(Referring expression grounding data)
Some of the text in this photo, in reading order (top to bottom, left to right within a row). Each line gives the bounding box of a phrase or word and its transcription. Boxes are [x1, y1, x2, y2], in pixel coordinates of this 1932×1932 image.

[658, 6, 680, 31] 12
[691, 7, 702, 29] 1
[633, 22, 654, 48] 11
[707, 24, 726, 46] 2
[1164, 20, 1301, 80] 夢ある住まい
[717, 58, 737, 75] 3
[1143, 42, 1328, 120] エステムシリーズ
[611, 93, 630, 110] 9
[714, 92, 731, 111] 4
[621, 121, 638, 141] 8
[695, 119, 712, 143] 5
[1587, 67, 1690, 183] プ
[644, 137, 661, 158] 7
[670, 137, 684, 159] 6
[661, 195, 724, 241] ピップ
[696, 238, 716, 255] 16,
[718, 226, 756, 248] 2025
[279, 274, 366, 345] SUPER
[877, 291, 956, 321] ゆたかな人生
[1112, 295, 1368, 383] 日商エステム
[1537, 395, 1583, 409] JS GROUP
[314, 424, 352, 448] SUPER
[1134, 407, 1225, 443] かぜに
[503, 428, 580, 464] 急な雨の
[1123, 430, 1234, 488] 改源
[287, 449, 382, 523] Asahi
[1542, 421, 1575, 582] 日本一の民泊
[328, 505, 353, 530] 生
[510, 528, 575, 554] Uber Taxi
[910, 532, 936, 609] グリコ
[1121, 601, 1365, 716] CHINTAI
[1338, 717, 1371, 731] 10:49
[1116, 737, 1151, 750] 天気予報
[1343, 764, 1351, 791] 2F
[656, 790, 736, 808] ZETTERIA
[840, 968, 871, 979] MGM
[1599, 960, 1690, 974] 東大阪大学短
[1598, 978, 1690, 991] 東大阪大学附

Assignment:
Give back every entry exactly, with nothing left out.

Task response:
Some of the text in this photo, in reading order (top to bottom, left to right within a row). Each line gives the bounding box of a phrase or word and its transcription. Boxes are [x1, y1, x2, y2], in pixel coordinates of this 1932×1932 image.

[658, 6, 680, 31] 12
[691, 7, 702, 29] 1
[633, 22, 654, 48] 11
[707, 24, 726, 46] 2
[1164, 20, 1301, 80] 夢ある住まい
[717, 58, 737, 75] 3
[1143, 42, 1328, 120] エステムシリーズ
[611, 93, 630, 110] 9
[714, 92, 731, 111] 4
[621, 121, 638, 141] 8
[695, 119, 712, 143] 5
[1587, 67, 1690, 183] プ
[644, 137, 661, 158] 7
[670, 137, 684, 159] 6
[661, 195, 724, 241] ピップ
[696, 238, 716, 255] 16,
[718, 226, 756, 248] 2025
[279, 274, 366, 345] SUPER
[877, 291, 956, 321] ゆたかな人生
[1112, 295, 1368, 383] 日商エステム
[1537, 395, 1583, 409] JS GROUP
[314, 424, 352, 448] SUPER
[1134, 407, 1225, 443] かぜに
[503, 428, 580, 464] 急な雨の
[1123, 430, 1234, 488] 改源
[287, 449, 382, 523] Asahi
[1542, 421, 1575, 582] 日本一の民泊
[328, 505, 353, 530] 生
[510, 528, 575, 554] Uber Taxi
[910, 532, 936, 609] グリコ
[1121, 601, 1365, 716] CHINTAI
[1338, 717, 1371, 731] 10:49
[1116, 737, 1151, 750] 天気予報
[1343, 764, 1351, 791] 2F
[656, 790, 736, 808] ZETTERIA
[840, 968, 871, 979] MGM
[1599, 960, 1690, 974] 東大阪大学短
[1598, 978, 1690, 991] 東大阪大学附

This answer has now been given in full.